In the MA plot above, we see that the general trend for all contrasts is a single trajectory, even for the R222W allele. This is the result of shared specificity, even with decreased affinity. In contrast, when differential specificity is present, rather than follow a single trajectory, the MA plot will appear to split, with 8-mers preferential in the two condition spreading.
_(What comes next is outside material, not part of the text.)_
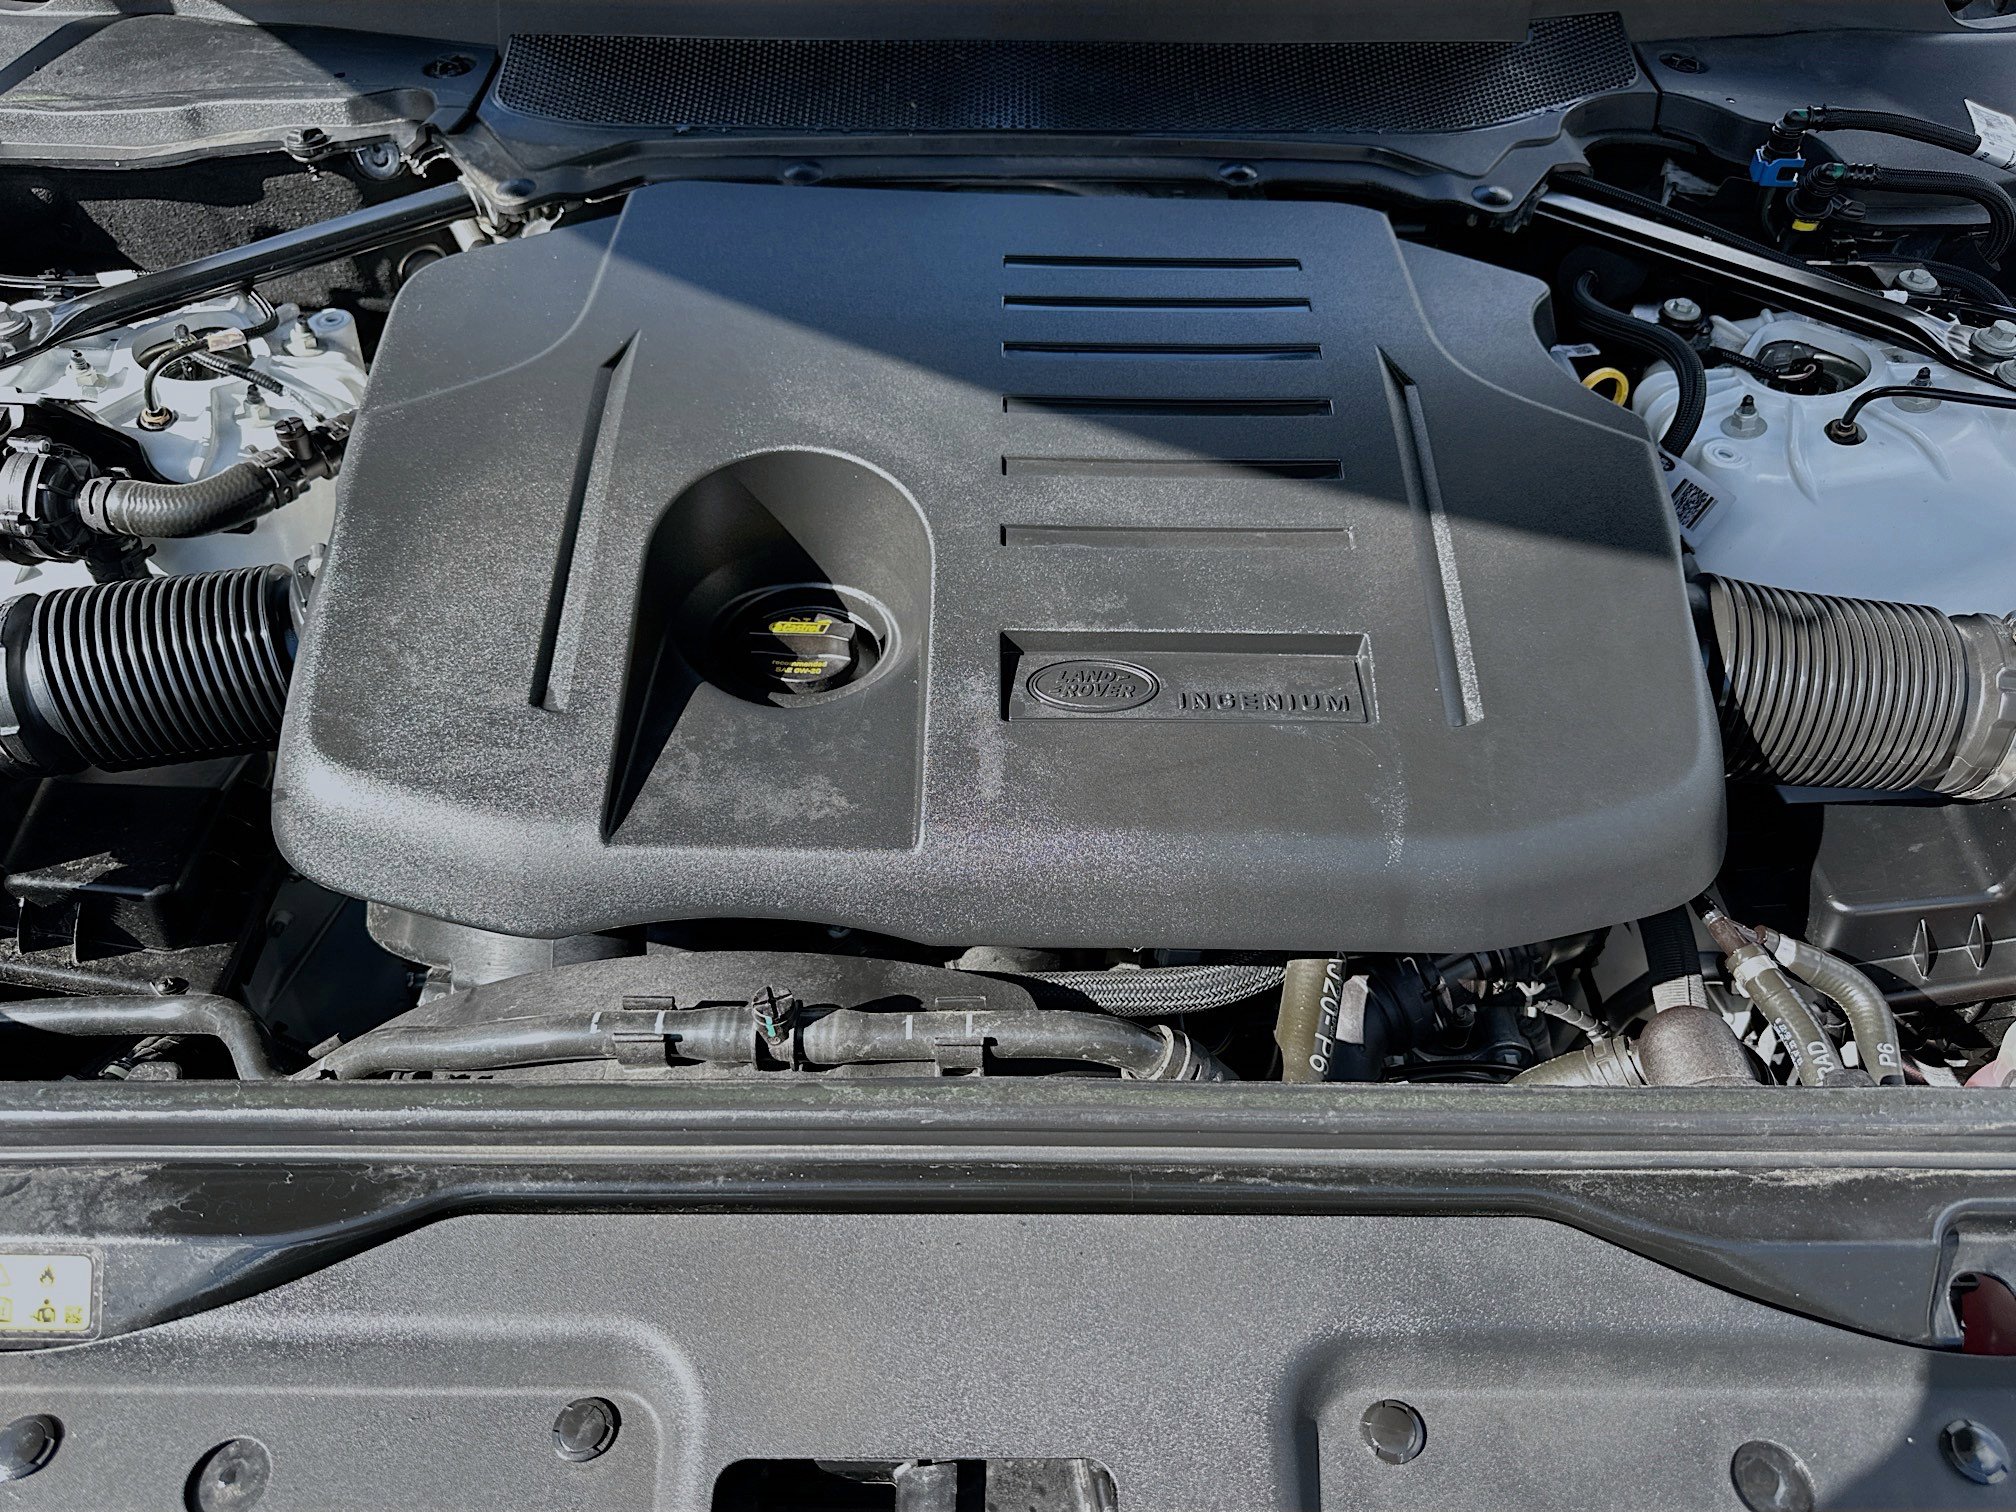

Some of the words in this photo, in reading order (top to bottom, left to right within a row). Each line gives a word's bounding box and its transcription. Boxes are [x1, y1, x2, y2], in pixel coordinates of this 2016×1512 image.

Intuitively, testing for differential specificity is performed by first fitting a single trajectory to the MA plot, followed by testing for deviations from the trajectory. Since deviations from the baseline condition are often of more interest, rather than using the average between conditions as the x-axis, the trajectory is fit with the reference affinity along the x-axis. This can be changed by setting useref = FALSE
in the call to upbm::kmerTestSpecificity
.
alexa_ds <- kmerTestSpecificity(alexa_kfit)
alexa_ds
## class: SummarizedExperiment
## dim: 32896 4
## metadata(0):
## assays(9): contrastAverage contrastDifference ... specificityQ
## specificityAxis
## rownames: NULL
## rowData names(1): seq
## colnames(4): HOXC9-K195R HOXC9-R193K HOXC9-R222W HOXC9-REF
## colData names(0):
By default, the trajectory is fit using cubic B-splines with 3 knots placed evenly spaced along the range of the x-axis. Alternatively, a LOESS smoother can be fit by specifying method = "loess"
.
The returned PBMExperiment includes several new assays.
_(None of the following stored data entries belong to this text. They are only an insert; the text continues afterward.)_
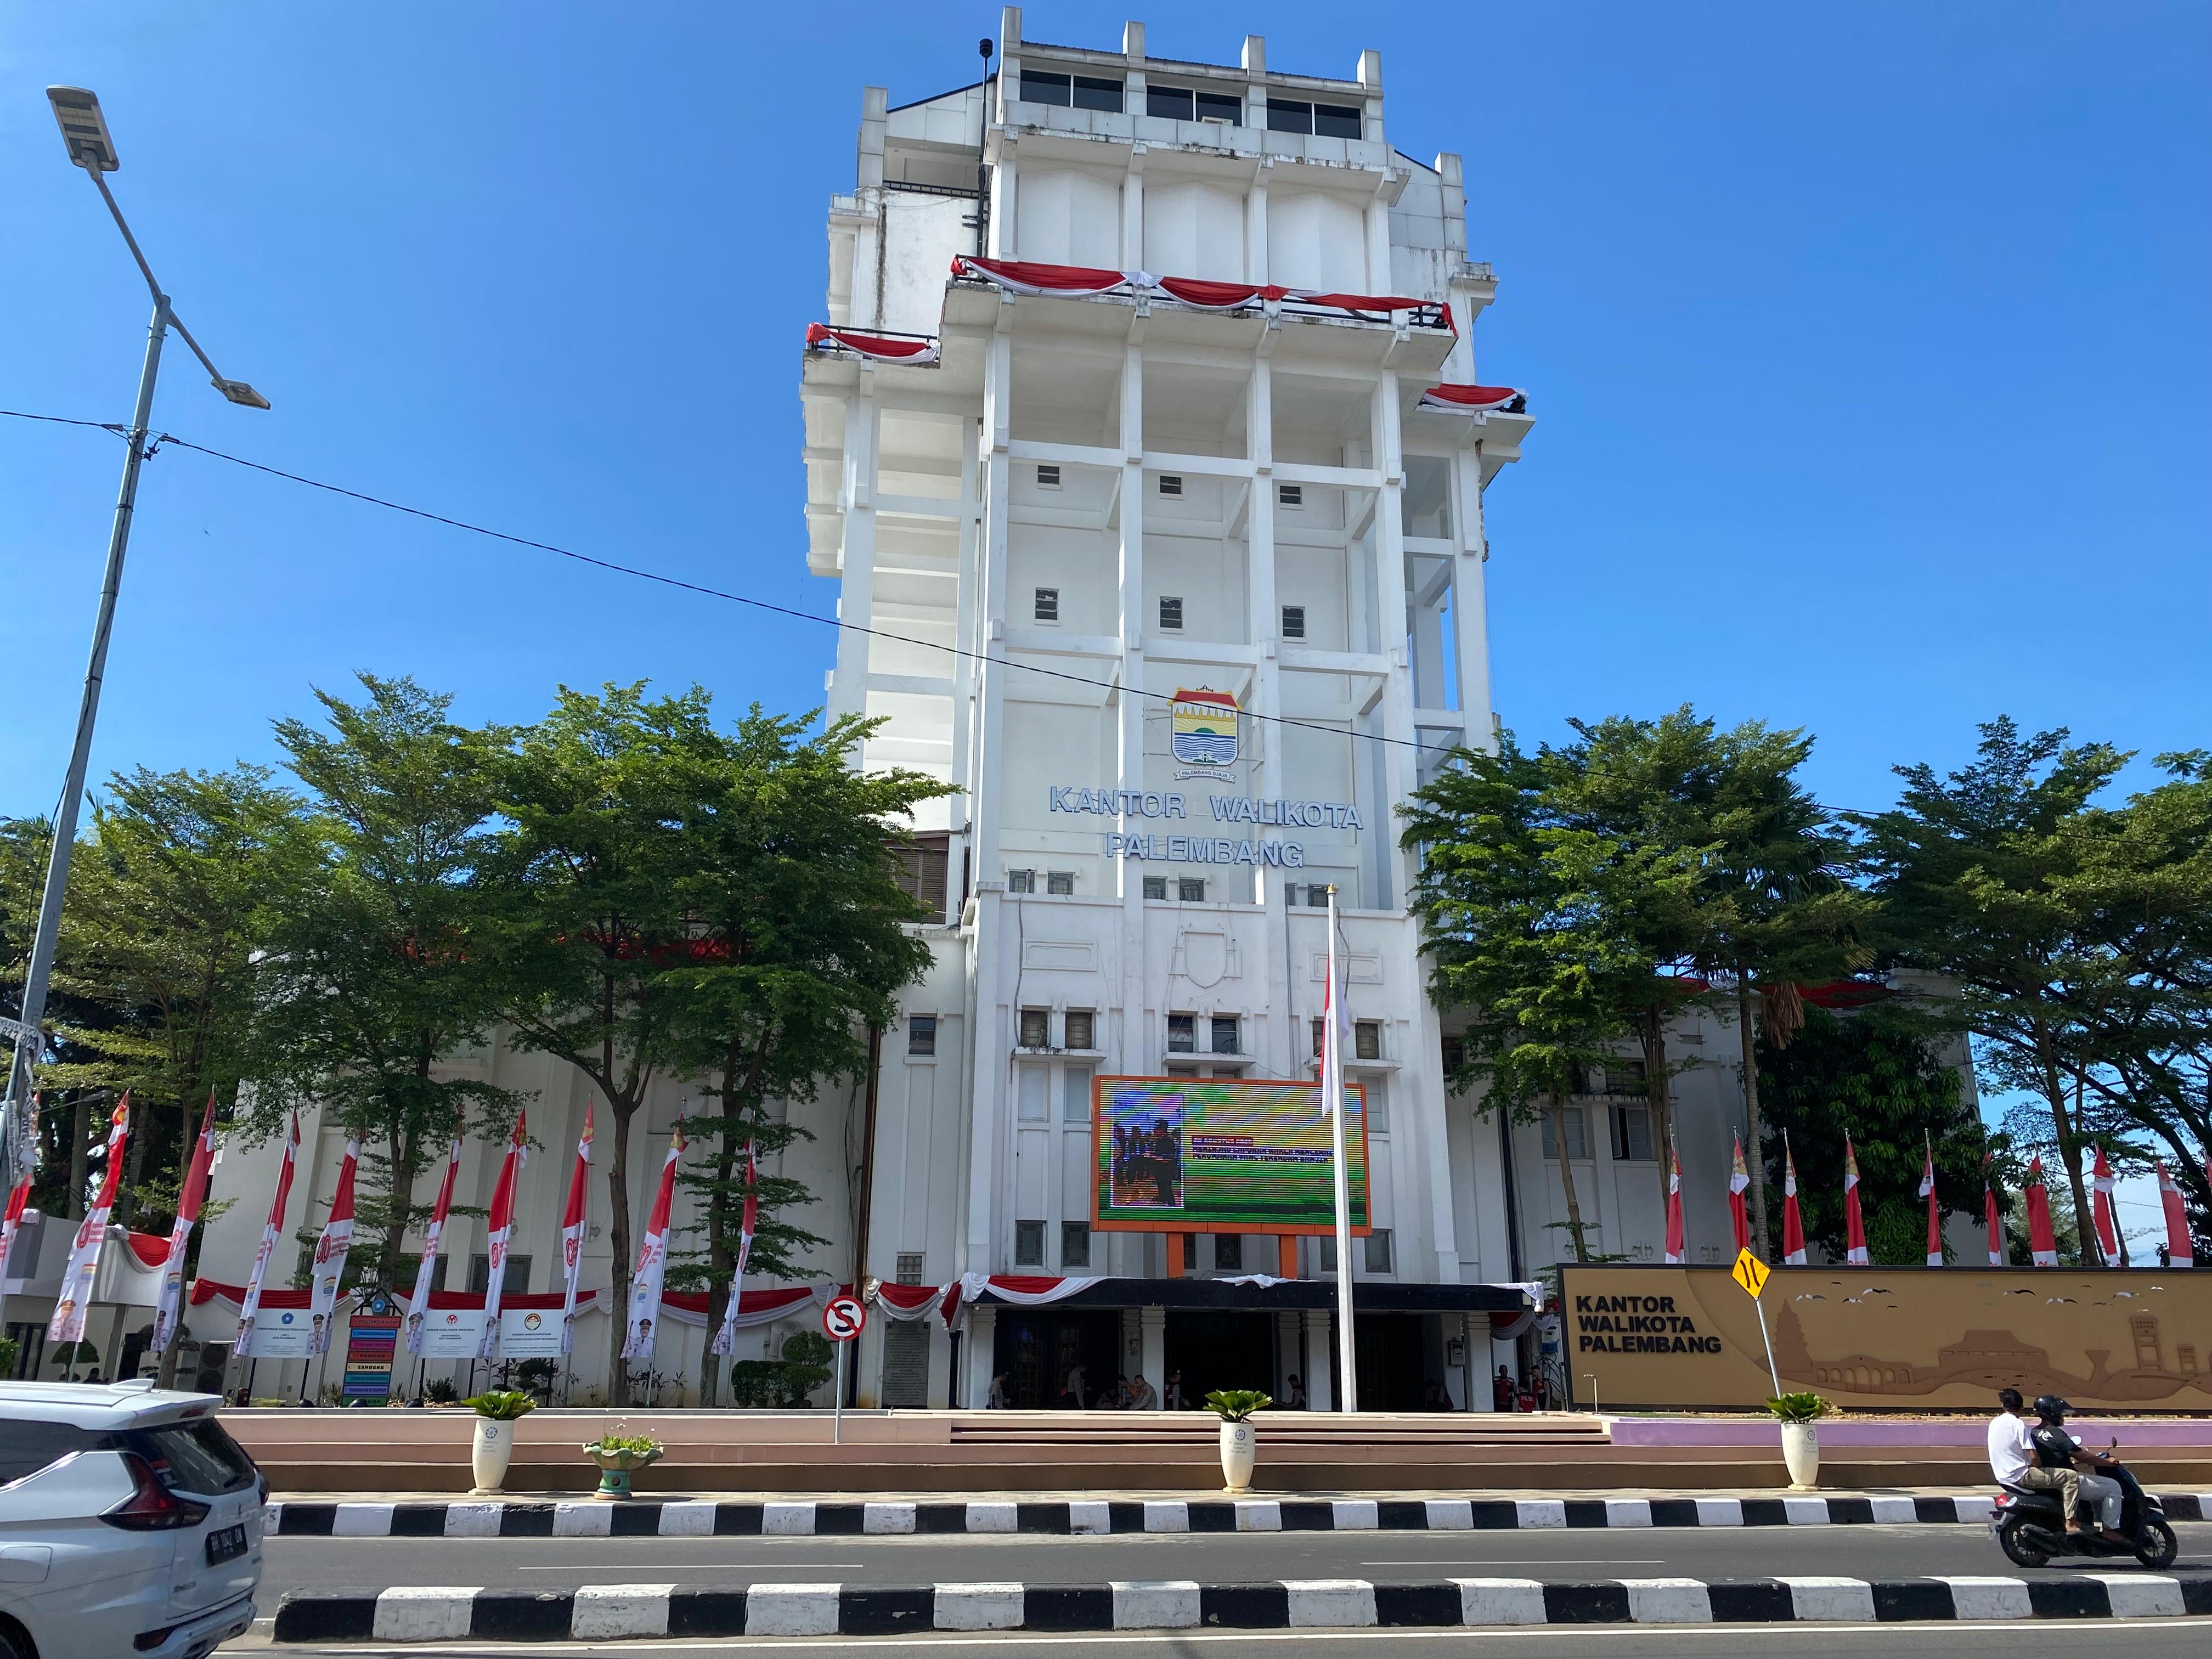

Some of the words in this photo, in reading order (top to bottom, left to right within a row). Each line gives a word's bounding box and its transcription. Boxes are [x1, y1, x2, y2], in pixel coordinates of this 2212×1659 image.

[1050, 786, 1186, 819] KANTOR
[1210, 795, 1364, 830] WALIKOTA
[1107, 832, 1304, 868] PALEMBANG
[1576, 1296, 1675, 1312] KANTOR
[834, 1304, 855, 1332] S
[1578, 1315, 1696, 1333] WALIKOTA
[1579, 1335, 1722, 1353] PALEMBANG
## [1] "contrastAverage" "contrastDifference" "contrastVariance"
## [4] "contrastFit" "contrastResidual" "specificityZ"
## [7] "specificityP" "specificityQ" "specificityAxis"
The x-axis used for fitting the specificity trend is stored in the specificityAxis
assay. The fit and residuals are included in the contrastFit
and contrastResidual
assays. Finally, the specificityZ
, `specificityP
, and specificityQ
assays contain the z-score, unadjusted and adjusted p-values from testing the null hypothesis that contrastResidual
is zero.
We can plot the data along with the contrastFit
to see the B-spline trajectories fit to the data.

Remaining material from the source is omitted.